Sunday, September 8, 2013

Lillian Leitzel

Aris DeMarco

part one
part two

Continuing with the 'athlete profile' series, I figured it was time to introduce a woman into the mix and spare everyone another blog post featuring men in gladiator sandals.

Not sure if this is any better, but you can't say I don't try...
...our heroine is on the far left of the picture

In the early 20th century, strength-based physical culture was beginning to spread rapidly among the male populations of both Europe and the United States. However, among women it was virtually nonexistent, the traditional arts of dance and acrobatics were still basically the only athletic pursuits females engaged in. Aerial performers (ring and trapeze artists) were the big draw at circuses and many of these artists, like the performing strongmen, pushed their boundaries to do something new or exciting in order to succeed.

At the time, though the rings were not nearly as sophisticated in terms of needing pure strength as in today's gymnastics (I believe that change came with Albert Azaryan's cross obsession a few decades later) they were still very much a 'male' art, requiring more strength than most women had or cared to develop.

Azaryan.

Lillian Leitzel was born in 1892 as Leopoldina Alitza Pelikan and brought up by her grandparents in Germany. She was trained in music and dance and became fluent in several languages--several of her instructors believed she would go on to become a professional pianist. However, she began teaching herself acrobatics and at the tender age of 14 joined her family in the circus, performing with her mother and two aunts. She cared nothing for her stereotypical role as a female aerialist, though, and eventually created something a bit more demanding as a performance routine. 

Leitzel putting me and Alex to shame with (what appears to be) a one arm lockoff on a rope

In 1910, Leitzel moved to the United States and performed with Barnum & Bailey. Her primary routine was done on the rings like those of the male performers, but unlike most other routines hers was done fifty or more feet in the air, without safety nets and only a thin rubber pad to break her fall--of course, from that height, most mats would be doing more breaking than padding, so such a safety measure was dismissive at best! 

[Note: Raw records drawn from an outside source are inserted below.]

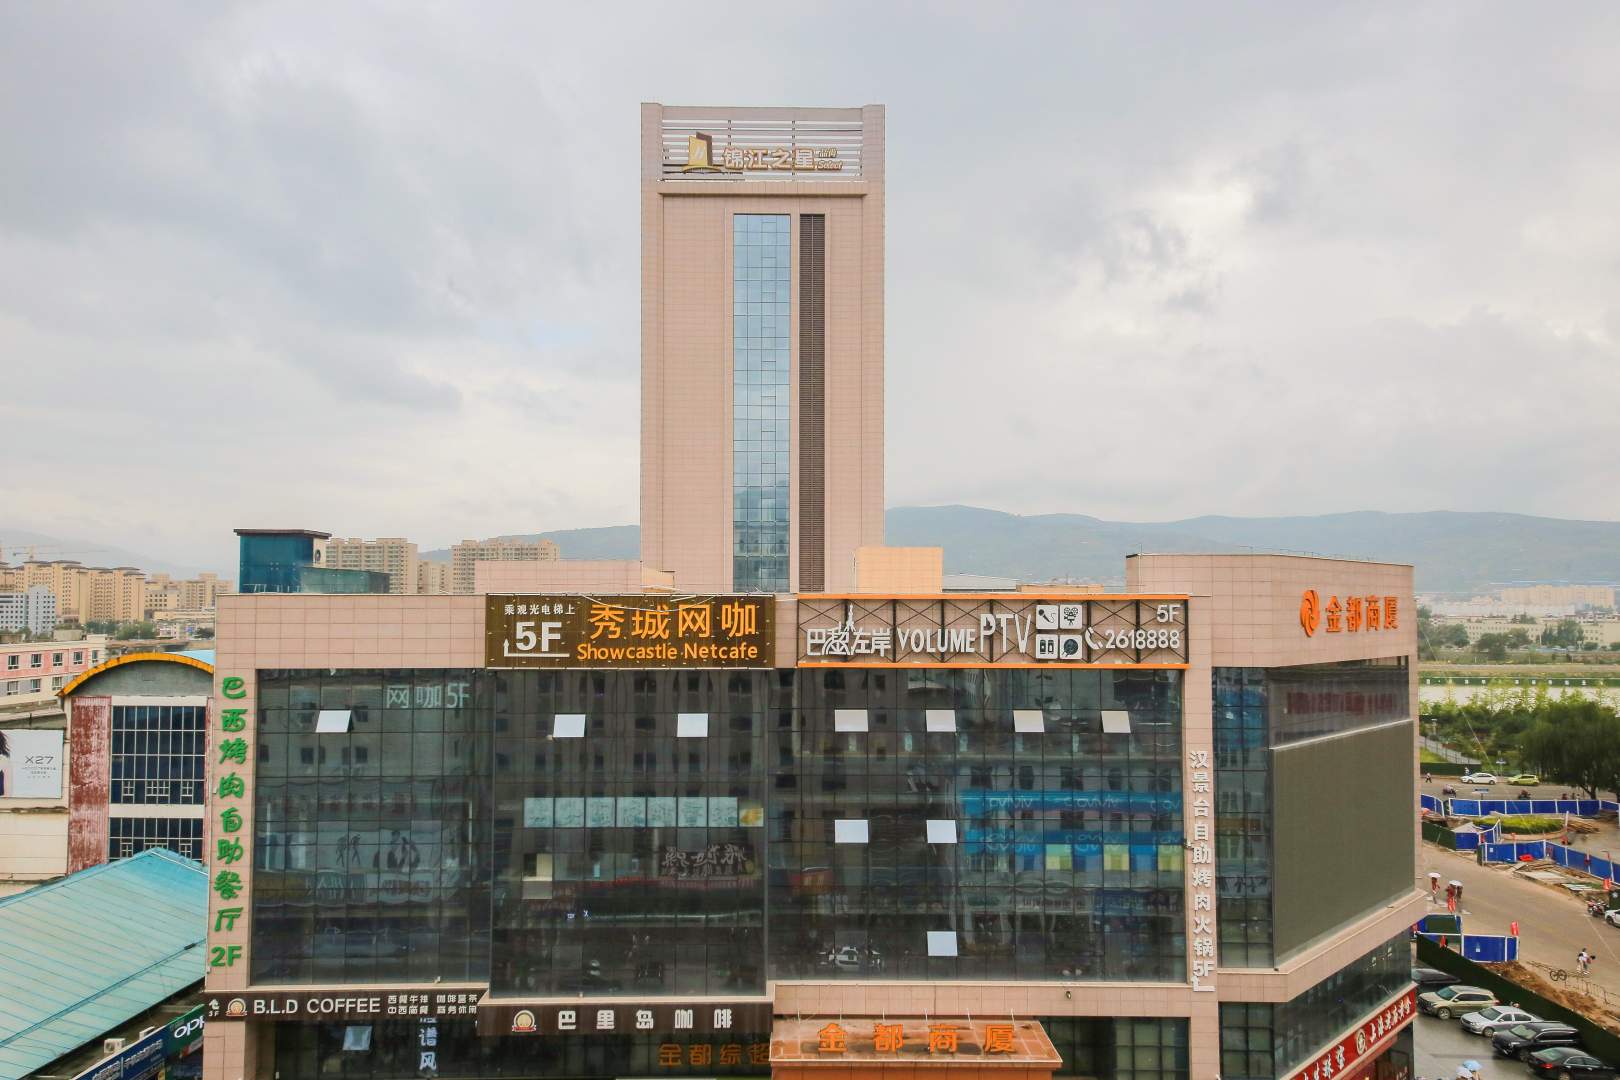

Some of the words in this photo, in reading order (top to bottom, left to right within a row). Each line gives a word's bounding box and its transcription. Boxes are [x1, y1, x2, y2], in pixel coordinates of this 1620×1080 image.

[723, 147, 815, 170] 锦江之星
[817, 160, 843, 171] Select
[504, 603, 576, 616] 乘观光电梯上
[1156, 604, 1181, 623] 5F
[1325, 595, 1398, 633] 金都商厦
[589, 602, 756, 640] 秀城网咖
[515, 621, 562, 652] 5F
[896, 627, 976, 654] VOLUME
[980, 613, 1032, 653] PTV
[1104, 629, 1181, 650] 2618888
[577, 643, 678, 660] Showcastle
[684, 642, 758, 660] Netcafe
[253, 999, 298, 1014] B.L.D
[306, 998, 381, 1014] COFFEE
[558, 1008, 733, 1030] 巴里岛咖啡
[817, 1023, 1016, 1053] 金都商厦

Leitzel quickly became known for her quick temper, flirtatious performing style, and tremendous strength. She was reputedly able to do 250 'back revolutions' (a sort of 'one arm dislocate', or momentum-aided 'skin-the-cat', seen at 1.40 in the video). One of her crowd-stealers was to encourage her audiences to count each repetition with her as she did them, swinging around and around in quick succession. She could also do 27 consecutive one arm pullups on one of the rings; David Willoughby states that these one arm chins were undoubtedly done with a high degree of swing or 'kip', but that Leitzel could probably do, at most, 6 strict one arm chins (he worked this out by comparing her to a contemporary male gymnast with one of his typically complicated mathematical formulas). This is still mindblowing, of course, for a female athlete--an excellent effort for any athlete, for that matter, and would make Leitzel perhaps the most capable female athlete of all time when considering this particular feat of strength. 

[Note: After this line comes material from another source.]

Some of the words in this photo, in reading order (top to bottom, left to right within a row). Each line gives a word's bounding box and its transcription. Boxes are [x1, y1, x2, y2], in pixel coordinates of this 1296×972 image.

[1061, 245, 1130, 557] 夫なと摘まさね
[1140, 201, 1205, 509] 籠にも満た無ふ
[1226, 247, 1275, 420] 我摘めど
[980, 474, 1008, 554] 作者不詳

Something else worth noting is Leitzel's 'behind the back holds' (seen at 1.03) which also seems to be a typical move for male acrobats--I've seen cirque du soleil extraordinaire Igor Zaripov do it in several of his performances: 


Taken together, Lillian's feats show that she had a very high degree of strength and flexibility throughout her shoulder girdle, arms, and hands (though I'm assuming she used straps to hold onto the rings for some movements) as well as excellent coordination and flexibility throughout her entire body; and, of course, a complete lack of regard for heights. Moreover, they show that she can be favorably compared to a male acrobat in terms of ability for many movements, which is insanely impressive for an athletic endeavor that mainly involves upper body strength. 

As far as her personal life is concerned, I wasn't able to find out much just through the internet. Apparently she married several men (in succession) out of a constant line of suitors, never bore any children, and eventually died during a performance in Copenhagen when she was 39--through no fault of her own, I might add--the rope holding her snapped at its base. I suppose adding a safety net to her performances at some point would have been prudent, but Leitzel doesn't seem the sort to have cared for that kind of thing at all.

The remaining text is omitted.